Our holiday centerpiece |
Last weekend I ran my group through the first playtest adventure for Star Trek Adventures (which I talked about earlier, due out next summer.) I don’t want to spoil the adventure for others who might be in the playtest, so my discussion here will be general.
Basic Rules (as of this writing)
This is a playtest, so a lot of details about the game may change before publication. But I wanted to give you a brief overview of what playing the game is like.
Star Trek Adventures uses the 2d20 system, which Modiphius uses in some of their other games such as Mutant Chronicles 3rd Edition and Robert E. Howard’s Conan. I’m not familiar with those, but in the STA version, you add an attribute to a skill, then roll 2d20 and hope one or both are equal to or less than that number. The game gives you ways to add more d20s (up to 5), and rolling a 1 or rolling under your skill’s specialty gets you an extra success. The number of successes you need depend on the difficulty of the task (usually 2).
Here are some other notable rules from the current playtest draft:
Momentum: When you roll more successes than you need on a given task, you can spend the extras for added effect–or save them in a group Momentum pool that everyone can use on later turns. Momentum points let you do things like add a d20 to a roll, or make a roll harder for an enemy.
Threat: Kind of the opposite of Momentum, Threat points are a pool that the GM can use to help out the bad guys. Players can choose to voluntarily add to the Threat pool to gain an extra die to roll, thus helping themselves out in the short term by risking more trouble later on.
Another chance to use my action tracker cards! |
Determination: Each PC starts with several of these tokens, and they work like hero points or plot points or bennies in other games. You spend them to do cool things, and earn them by being a good player. In STA they’re more powerful than Momentum points, but it does feel like there’s some overlap.
Values: Each PC in the playtest had 3 Values, things like “Fortune Favours the Bold,” “No Love of Violence,” and “Outspoken and Argumentative.” The playtest rules spell out one positive use for this and one negative. If you’re rolling on something your Value might help, and you spend Momentum on it, you can get an extra Momentum point for free. And on the negative side, you can choose to gain a point of Determination if you accept a Complication from the GM. (Kind of like a GM Intrusion in Monte Cook Games’s Cypher System.) It sounds like more uses for Values will be included in later rules. I think this has the potential to be core to the game’s “Star Trek” feel.
Challenge Dice: When rolling damage or similar results, you use special 6-sided dice. For now we don’t have specially printed dice, so we use regular six siders with the following values: 1-2 count as normal, 3-4 count as nothing, and 5-6 count as 1 plus a bonus effect. The effect differs per weapon; an example would be a knockdown effect when you’re punching someone.

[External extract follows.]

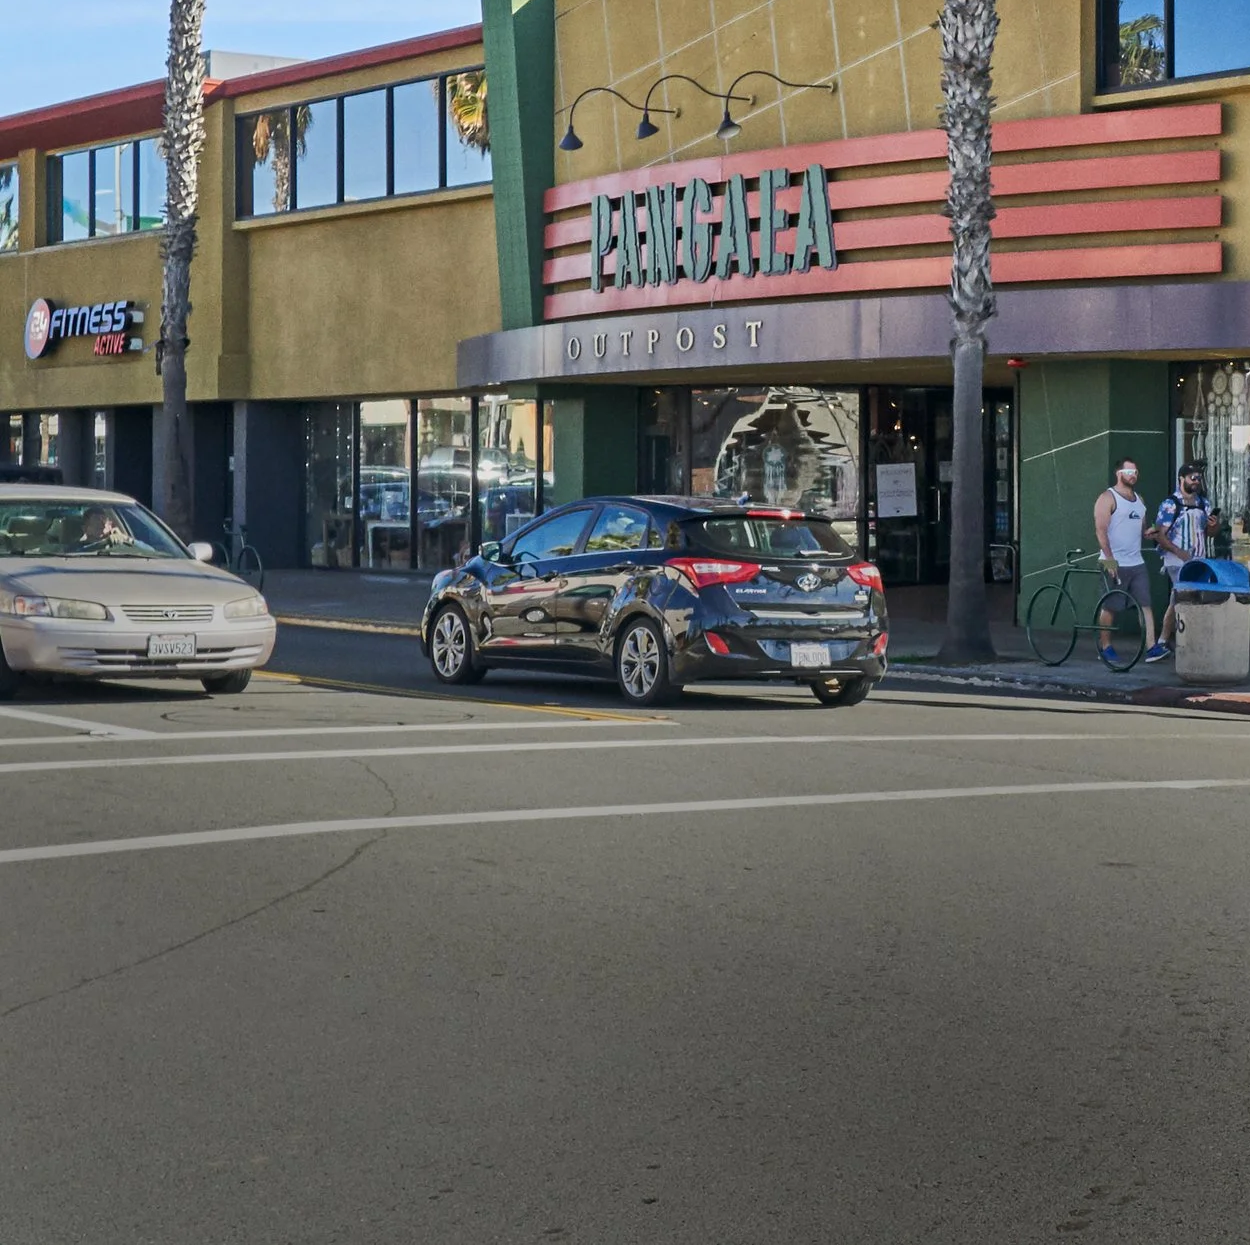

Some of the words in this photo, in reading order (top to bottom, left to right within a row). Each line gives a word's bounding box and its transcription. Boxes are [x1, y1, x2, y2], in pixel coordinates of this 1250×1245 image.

Injuries: Every character has a Stress track, and damage will usually come off of this. If you run out of stress, or take a lot of damage at once, your character is Injured, which in this game means you’re out of the fight. You can, however, spend Determination to soldier on.
Group Impressions
Happiness is a table full of dice and playtest notes. |
I enjoyed reading the playtest rules and running the game. In play, we felt that some of the rules need tweaking–especially extended tasks, which were extra hard to understand and really slowed us down–but I am optimistic about the game’s future. There’s a lot to like here: the system is (mostly) simple, there aren’t a ton of skills, players have a lot of control over their destinies, and there’s a focus on encouraging problem-solving and not just fighting.
I’m expecting the second playtest adventure in a few weeks. I hear it may include starship rules and/or character creation. Can’t wait!